REQUIRED WORK
The result should be a full, exact repeat of the entries, free of pictures.

SUPPLIED ENTRIES
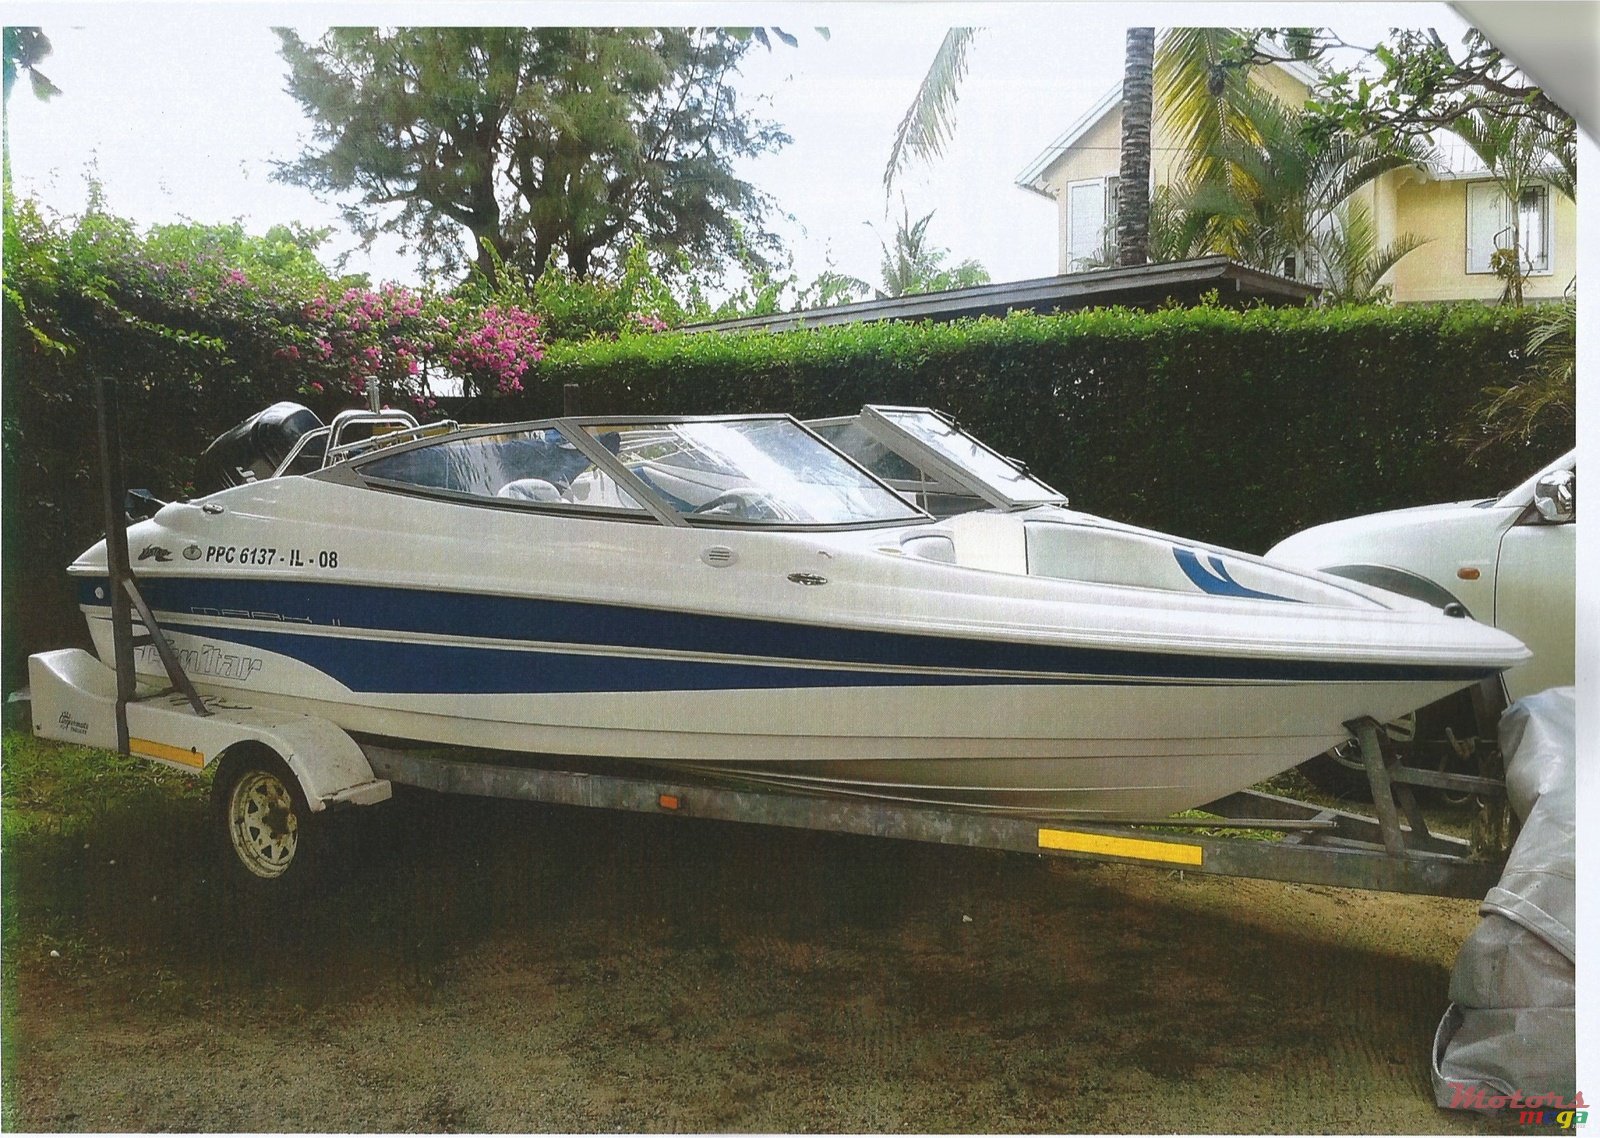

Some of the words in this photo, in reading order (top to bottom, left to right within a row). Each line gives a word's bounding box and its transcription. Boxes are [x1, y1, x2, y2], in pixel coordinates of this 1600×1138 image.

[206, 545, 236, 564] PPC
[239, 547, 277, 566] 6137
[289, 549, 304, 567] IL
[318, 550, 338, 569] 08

SOLUTION TO THIS EXERCISE
Some of the words in this photo, in reading order (top to bottom, left to right within a row). Each line gives a word's bounding box and its transcription. Boxes are [x1, y1, x2, y2], in pixel coordinates of this 1600×1138 image.

[206, 545, 236, 564] PPC
[239, 547, 277, 566] 6137
[289, 549, 304, 567] IL
[318, 550, 338, 569] 08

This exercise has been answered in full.